[WORK TO BE COMPLETED] Could you repeat all of the entries below word for word, apart from the pictures?

===== PROVIDED RECORDS =====

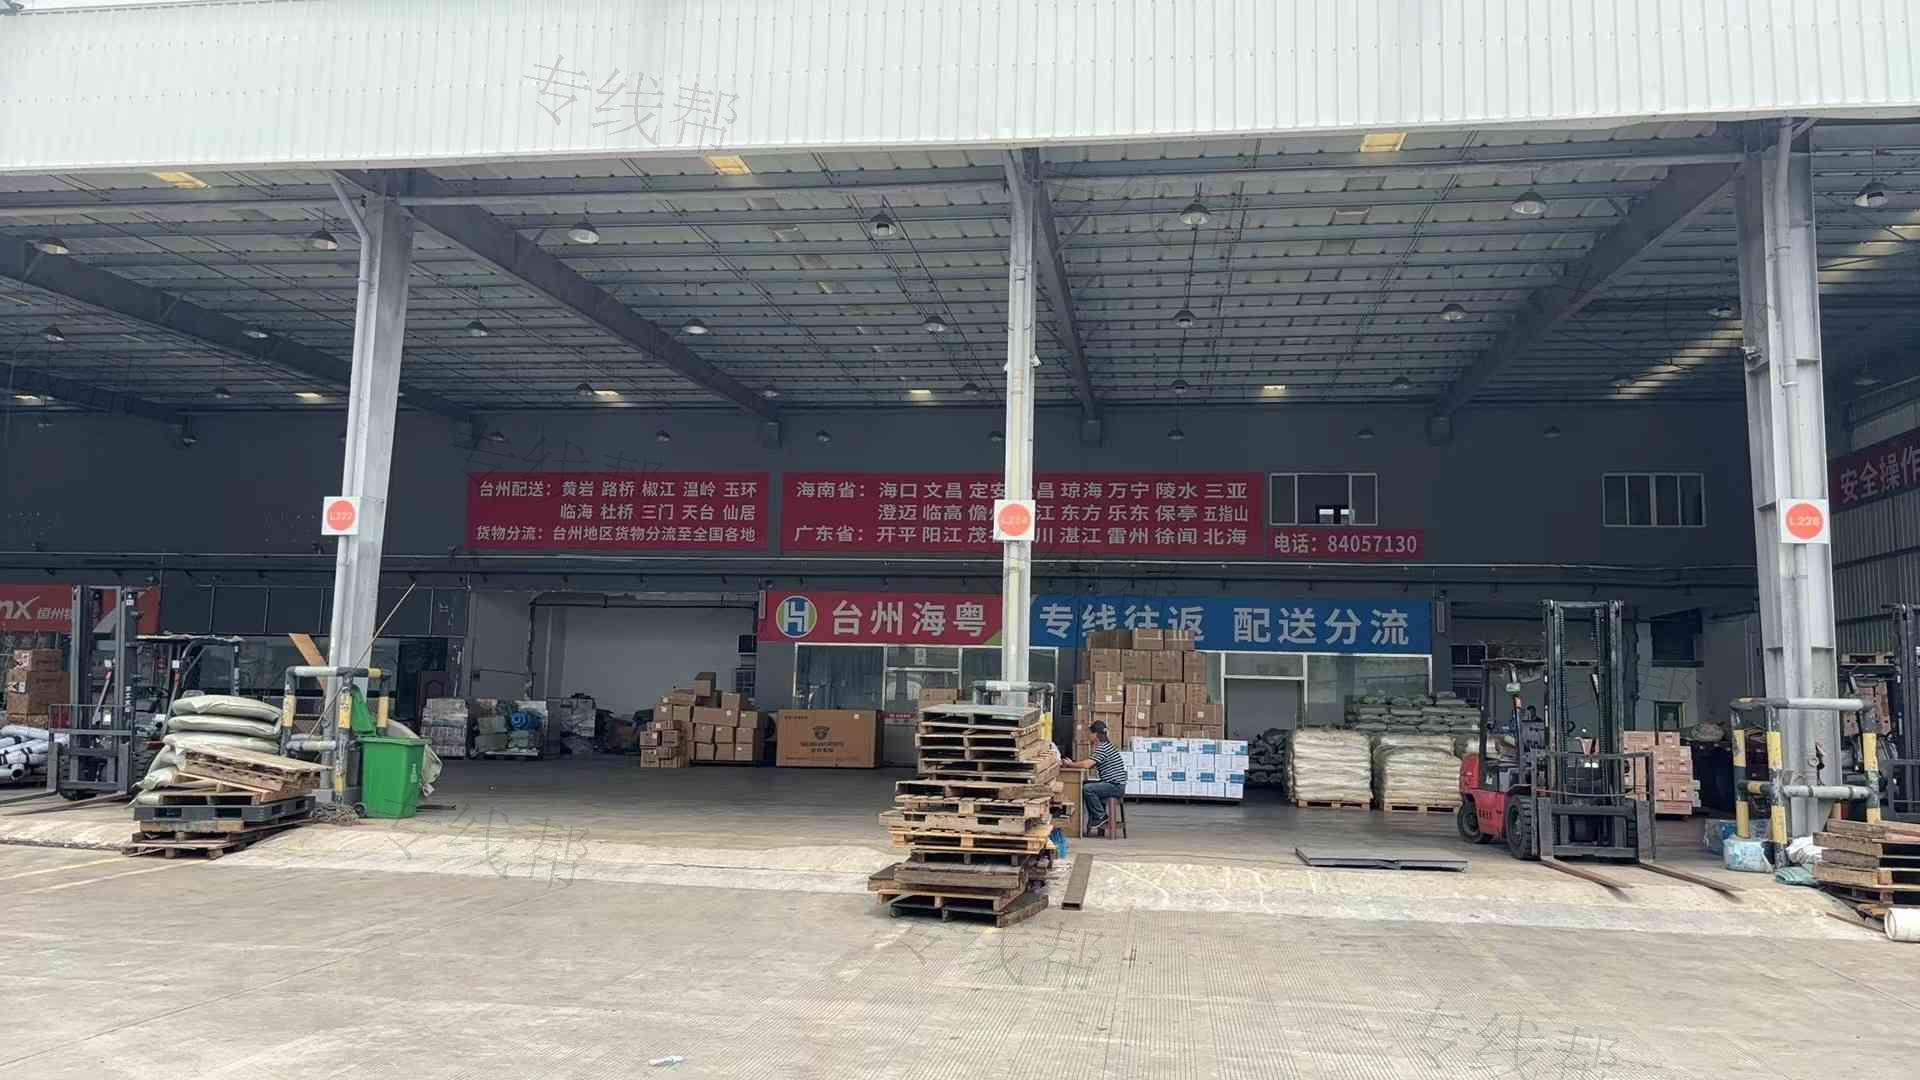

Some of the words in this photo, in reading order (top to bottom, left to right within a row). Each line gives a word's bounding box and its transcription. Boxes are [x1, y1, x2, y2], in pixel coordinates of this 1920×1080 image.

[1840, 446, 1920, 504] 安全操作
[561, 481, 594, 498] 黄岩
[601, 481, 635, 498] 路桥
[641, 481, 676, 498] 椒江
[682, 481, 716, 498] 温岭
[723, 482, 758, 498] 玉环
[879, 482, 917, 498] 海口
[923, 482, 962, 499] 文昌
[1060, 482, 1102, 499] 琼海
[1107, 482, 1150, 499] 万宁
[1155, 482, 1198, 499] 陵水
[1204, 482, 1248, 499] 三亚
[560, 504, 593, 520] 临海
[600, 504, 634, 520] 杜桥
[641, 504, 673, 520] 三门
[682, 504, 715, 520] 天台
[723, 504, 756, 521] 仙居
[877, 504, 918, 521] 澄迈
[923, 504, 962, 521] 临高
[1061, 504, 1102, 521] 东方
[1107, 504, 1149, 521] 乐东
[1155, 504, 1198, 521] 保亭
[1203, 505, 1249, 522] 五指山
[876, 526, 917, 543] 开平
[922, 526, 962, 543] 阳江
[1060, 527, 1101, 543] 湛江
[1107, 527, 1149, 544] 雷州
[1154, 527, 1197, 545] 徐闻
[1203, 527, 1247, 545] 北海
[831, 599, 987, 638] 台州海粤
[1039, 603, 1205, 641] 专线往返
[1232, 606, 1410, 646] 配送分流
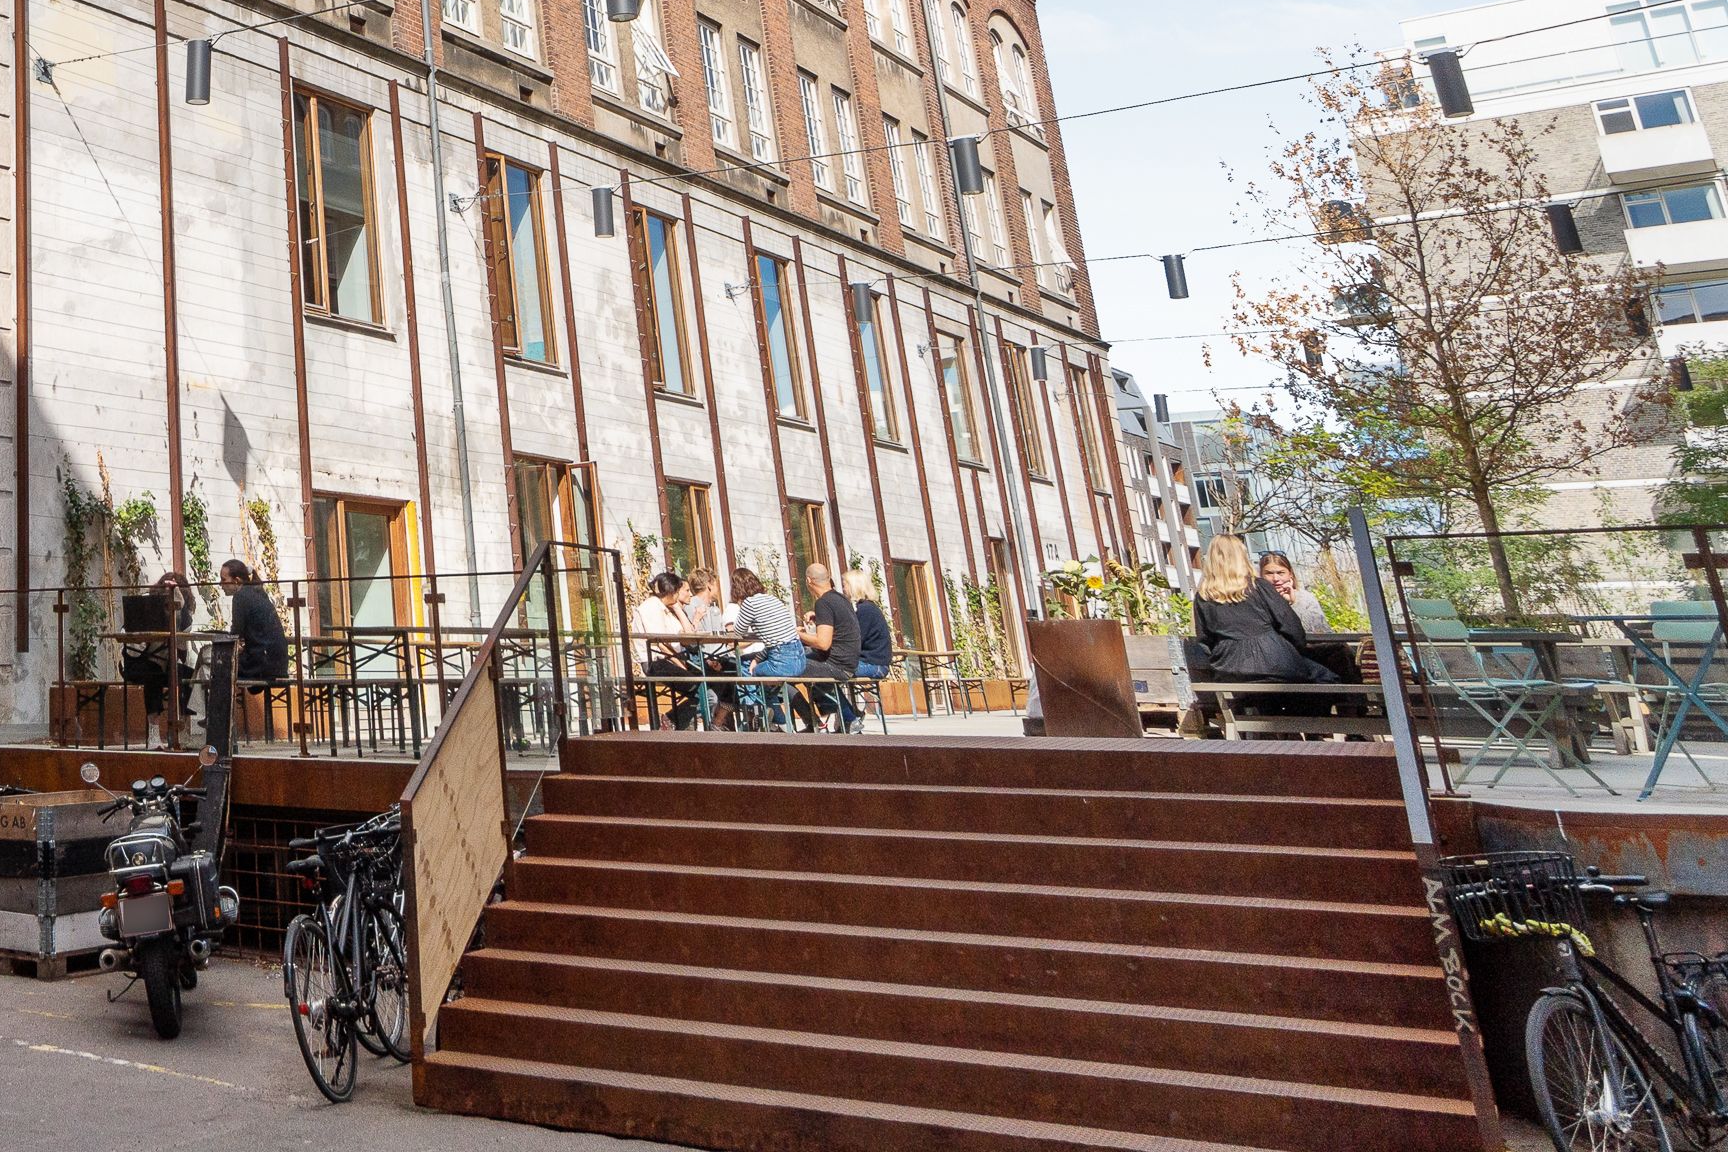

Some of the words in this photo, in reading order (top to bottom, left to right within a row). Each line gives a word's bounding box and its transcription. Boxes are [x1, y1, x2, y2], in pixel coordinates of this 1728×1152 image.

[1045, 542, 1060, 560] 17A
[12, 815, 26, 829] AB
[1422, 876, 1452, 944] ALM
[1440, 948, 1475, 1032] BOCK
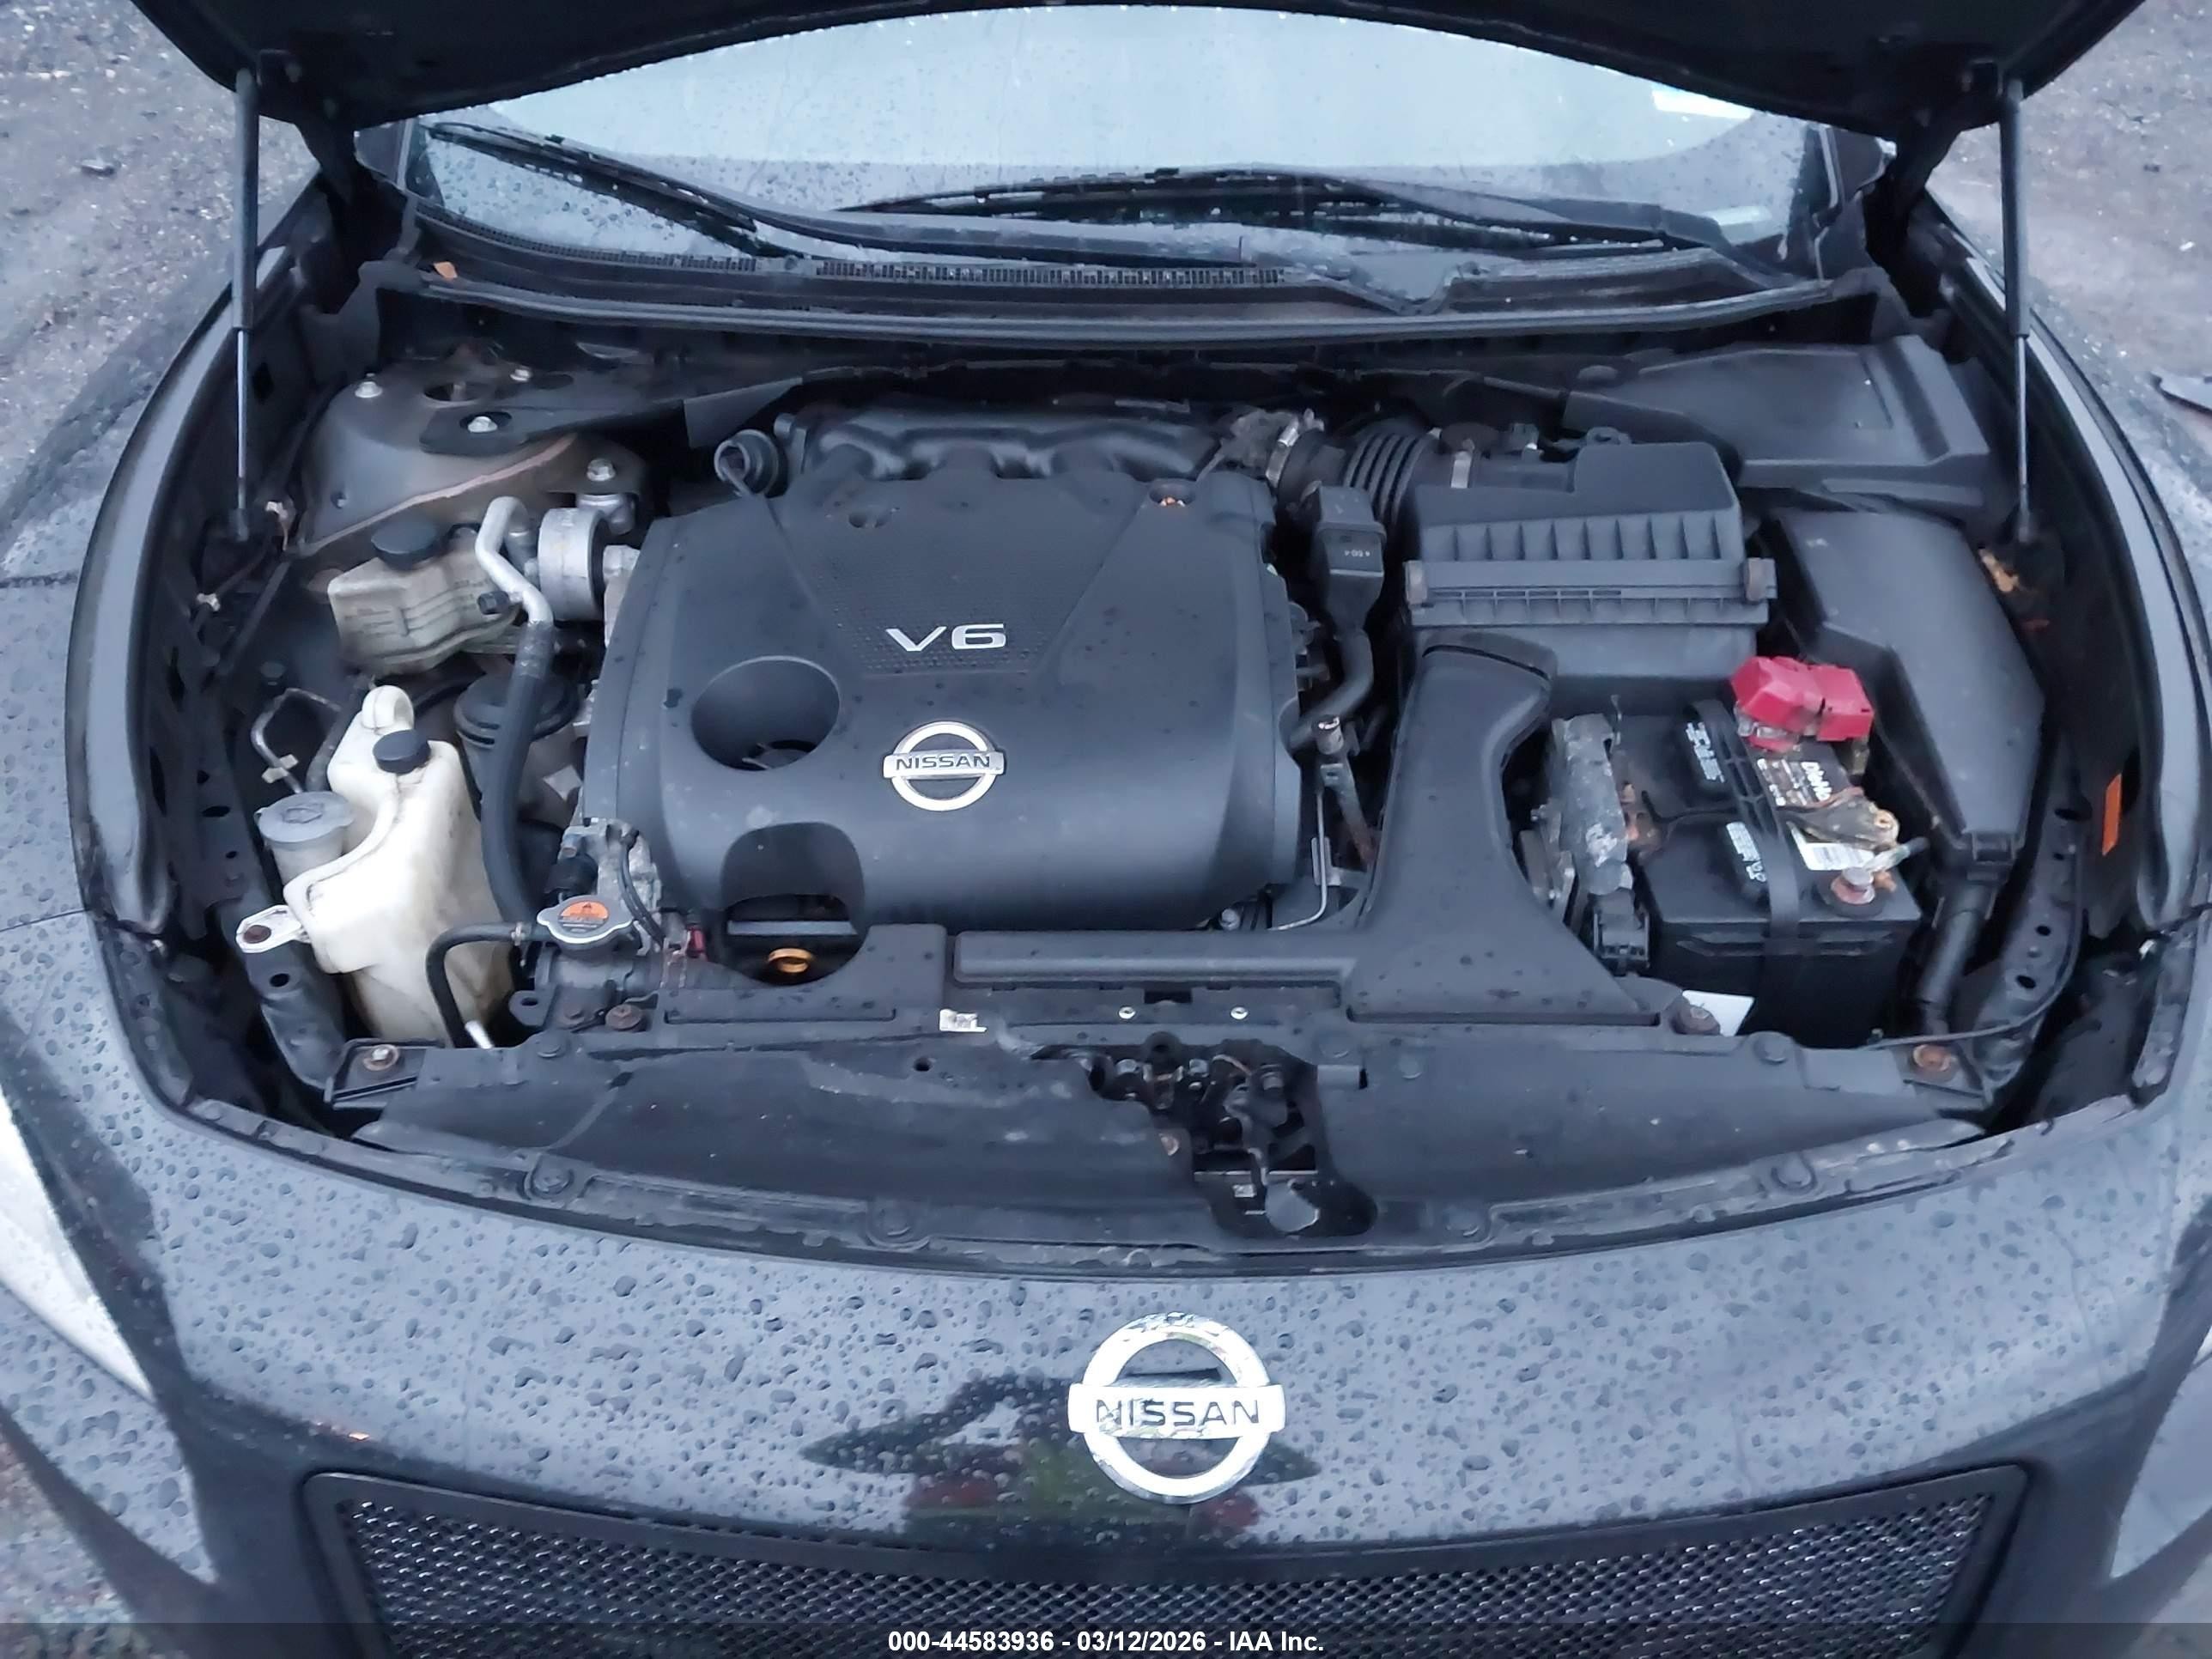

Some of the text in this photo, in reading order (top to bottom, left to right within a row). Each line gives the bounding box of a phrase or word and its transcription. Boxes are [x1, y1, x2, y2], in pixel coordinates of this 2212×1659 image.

=====

[TASK RESPONSE]
Some of the words in this photo, in reading order (top to bottom, left to right within a row). Each line gives a word's bounding box and its transcription. Boxes are [x1, y1, x2, y2], in pixel coordinates of this 1920×1080 image.

[1840, 446, 1920, 504] 安全操作
[561, 481, 594, 498] 黄岩
[601, 481, 635, 498] 路桥
[641, 481, 676, 498] 椒江
[682, 481, 716, 498] 温岭
[723, 482, 758, 498] 玉环
[879, 482, 917, 498] 海口
[923, 482, 962, 499] 文昌
[1060, 482, 1102, 499] 琼海
[1107, 482, 1150, 499] 万宁
[1155, 482, 1198, 499] 陵水
[1204, 482, 1248, 499] 三亚
[560, 504, 593, 520] 临海
[600, 504, 634, 520] 杜桥
[641, 504, 673, 520] 三门
[682, 504, 715, 520] 天台
[723, 504, 756, 521] 仙居
[877, 504, 918, 521] 澄迈
[923, 504, 962, 521] 临高
[1061, 504, 1102, 521] 东方
[1107, 504, 1149, 521] 乐东
[1155, 504, 1198, 521] 保亭
[1203, 505, 1249, 522] 五指山
[876, 526, 917, 543] 开平
[922, 526, 962, 543] 阳江
[1060, 527, 1101, 543] 湛江
[1107, 527, 1149, 544] 雷州
[1154, 527, 1197, 545] 徐闻
[1203, 527, 1247, 545] 北海
[831, 599, 987, 638] 台州海粤
[1039, 603, 1205, 641] 专线往返
[1232, 606, 1410, 646] 配送分流

Some of the words in this photo, in reading order (top to bottom, left to right within a row). Each line gives a word's bounding box and its transcription. Boxes are [x1, y1, x2, y2], in pixel coordinates of this 1728×1152 image.

[1045, 542, 1060, 560] 17A
[12, 815, 26, 829] AB
[1422, 876, 1452, 944] ALM
[1440, 948, 1475, 1032] BOCK

Some of the text in this photo, in reading order (top to bottom, left to right within a row). Each line gives the bounding box of a phrase or word and its transcription. Boxes are [x1, y1, x2, y2], in pixel coordinates of this 2212×1659 image.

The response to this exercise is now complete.